Впрочем, ему приходилось мириться с эскападами кайзера – вроде устройства парусных регат и пышных морских фестивалей, а также терпеть его стремление играть роль великого конструктора. Офицеры Главного морского штаба тратили немало времени, доводя до уровня рабочих чертежей многочисленные эскизы и задумки, которые сыпались из Вильгельма как из рога изобилия. Разумеется, ничего путного в результате не получалось. Одним из любимых детищ Вильгельма-конструктора был проект «Гомункул» – торпедный катер с тяжелым вооружением. Тирпиц долго убеждал кайзера отказаться от этого проекта и наконец убедил – в Роминтене во время совместной охоты. Удача не приходит одна – адмирал сумел подстрелить оленя. Отправленная в министерство телеграмма лаконично отразила его приподнятое настроение: «Убил оленя и гомункула».

Тирпиц, как уже говорилось, в совершенстве освоил науку общения с кайзером – он знал, что добиться чего-либо проще в разговоре наедине. Перед охотой Тирпиц всегда договаривался с загонщиками о том, чтобы они не торопились поднимать зверя, а выигранное таким образом время тратил на «обработку» своего собеседника.
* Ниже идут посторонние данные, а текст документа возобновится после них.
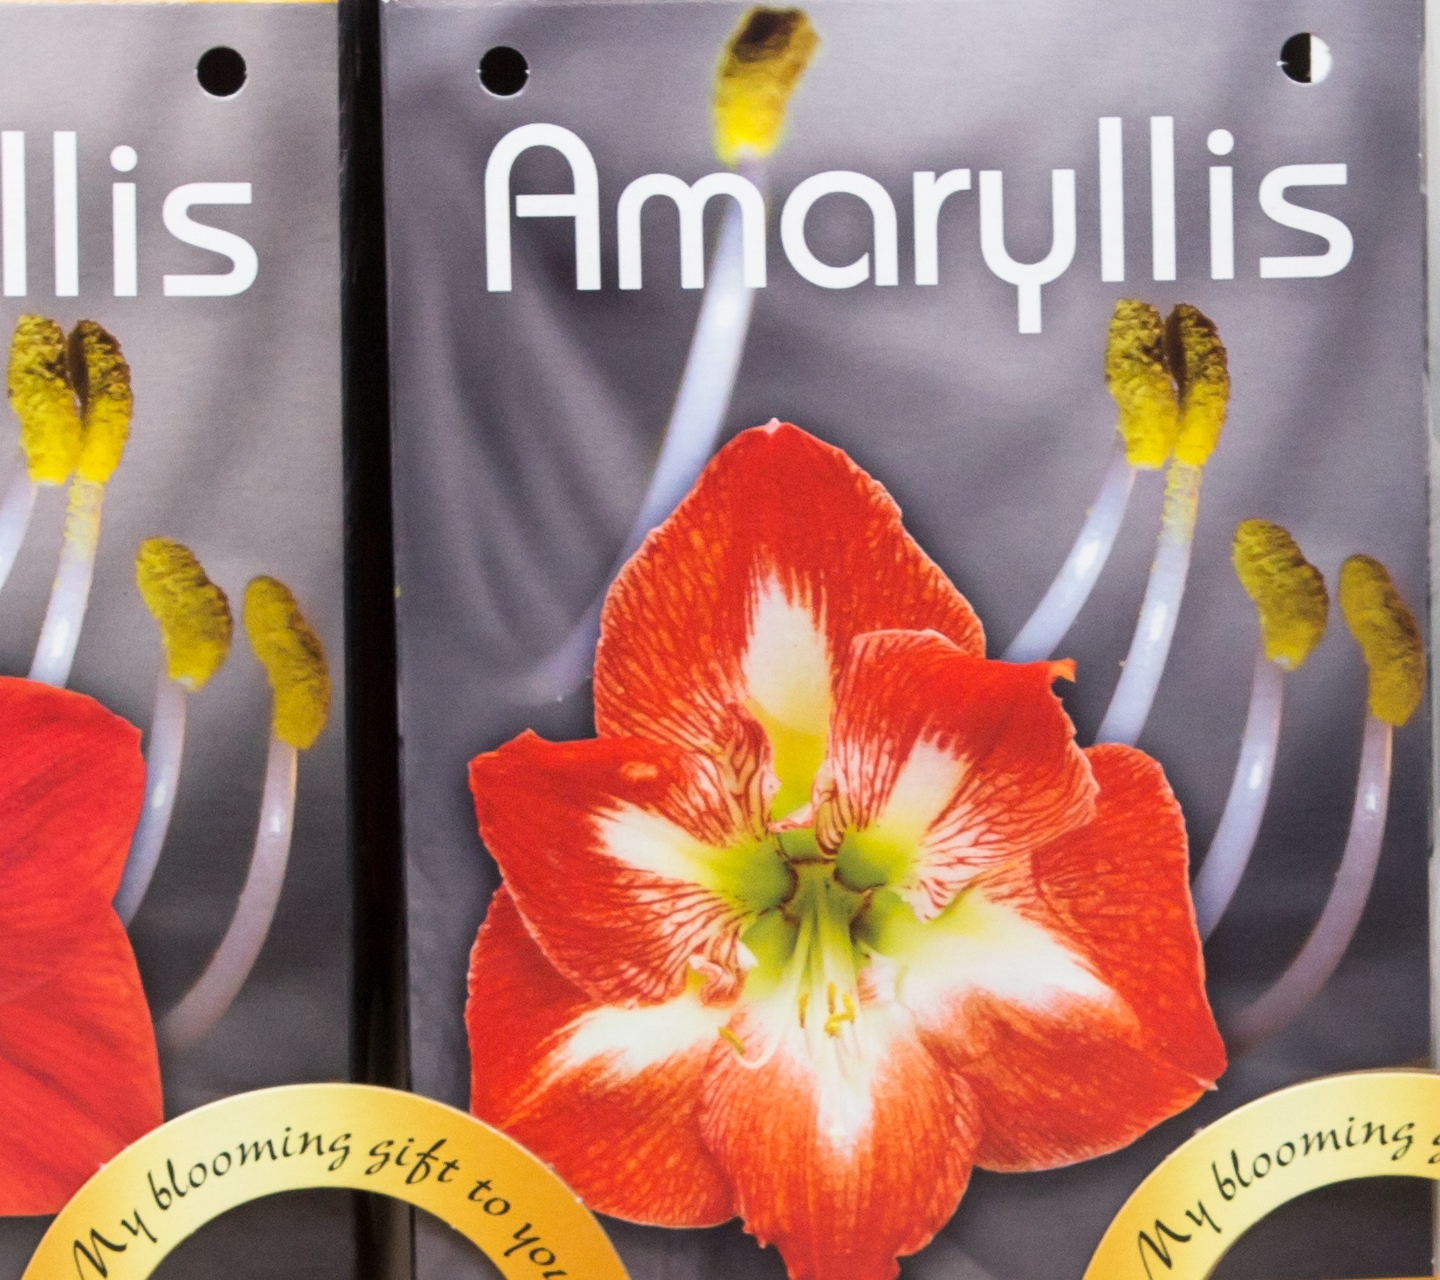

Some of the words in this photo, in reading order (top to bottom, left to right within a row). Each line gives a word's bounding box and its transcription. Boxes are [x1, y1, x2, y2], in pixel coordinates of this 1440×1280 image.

Из всех охотничьих угодий Тирпиц предпочитал Роминтен: простая здоровая пища, меньше высокомерия со стороны властелина и меньше заискивания по отношению к кайзеру это импонировало Тирпицу, выходцу из среды отнюдь не аристократической. По вечерам читали, декламировали отрывки из любимых произведений. Иногда приглашали полковника из российского гарнизона по ту сторону границы и изводили его вопросами о том, каковы будут его действия в случае начала войны.

Тирпиц разделял многие из традиционно прусских убеждений, в частности о необходимости дружить с Россией. Он считал, что идея войны с восточным соседом – это «кардинальная ошибка нашей внешней политики». Объектом ненависти была для него Великобритания, и именно его влиянием, должно быть, объясняются наиболее буйные приступы англофобии у Вильгельма. После войны Тирпиц написал мемуары, в которых отрицал, что был аннексионистом, но признает, что был совсем не против того, чтобы Фландрия и Зеебрюгге стали самостоятельными государствами под протекторатом Германии.